WORK REQUIRED:
Copy out the data exactly as it appears, without a single image.
------------------------
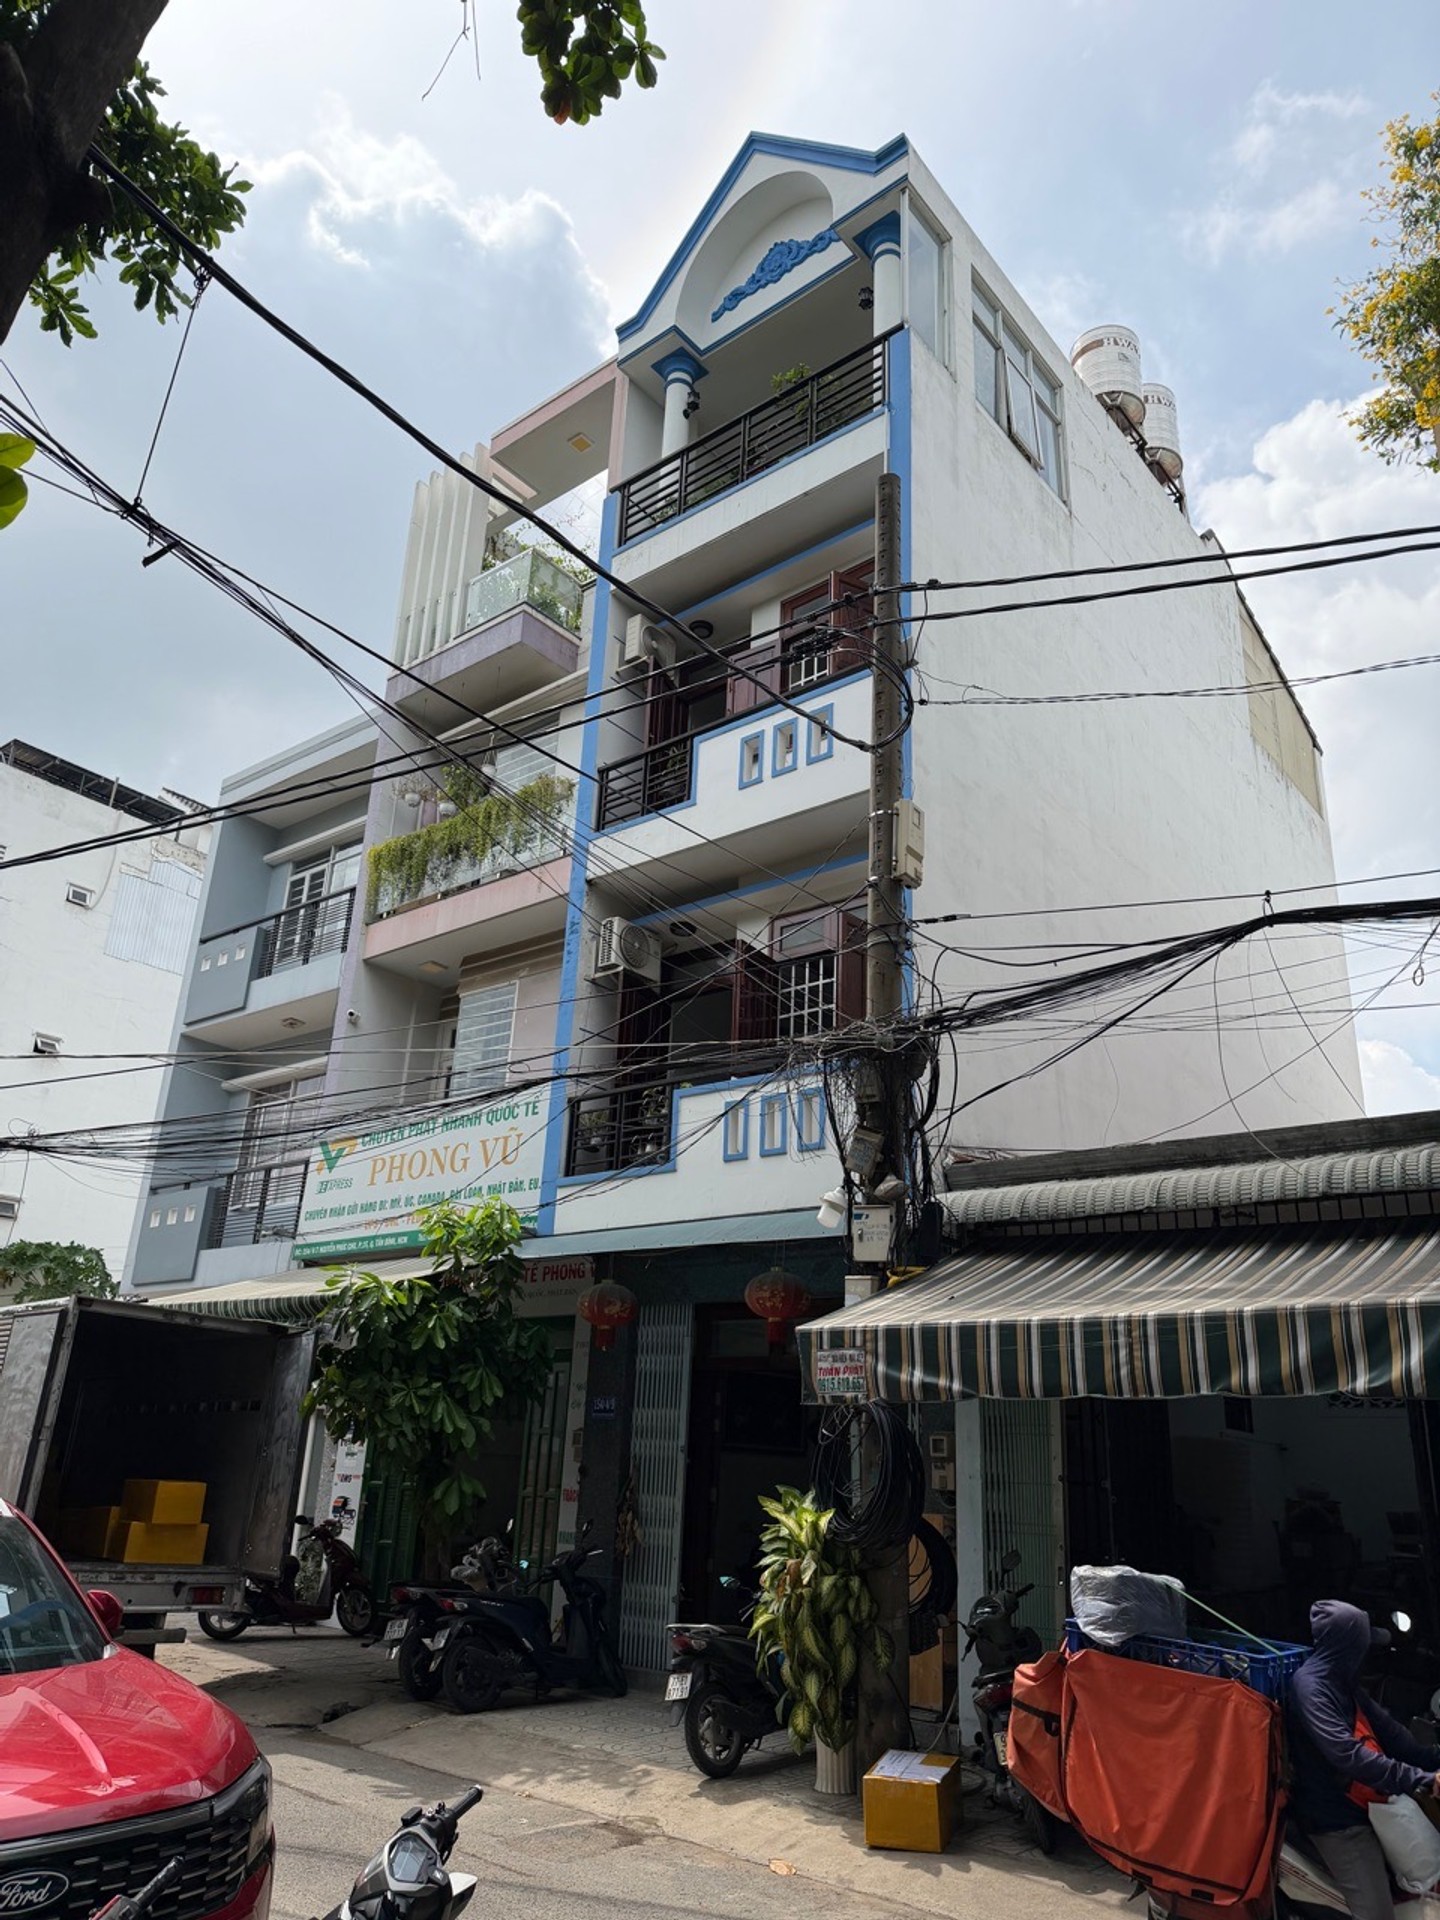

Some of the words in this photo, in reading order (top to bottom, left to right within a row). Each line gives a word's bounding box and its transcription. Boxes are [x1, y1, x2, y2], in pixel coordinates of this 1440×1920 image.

[367, 1142, 470, 1186] PHONG
[480, 1127, 523, 1169] VŨ
[542, 1262, 586, 1282] PHONG
[0, 1877, 52, 1909] Ford
------------------------
OUTPUT OF THE EXERCISE:
Some of the words in this photo, in reading order (top to bottom, left to right within a row). Each line gives a word's bounding box and its transcription. Boxes are [x1, y1, x2, y2], in pixel coordinates of this 1440×1920 image.

[367, 1142, 470, 1186] PHONG
[480, 1127, 523, 1169] VŨ
[542, 1262, 586, 1282] PHONG
[0, 1877, 52, 1909] Ford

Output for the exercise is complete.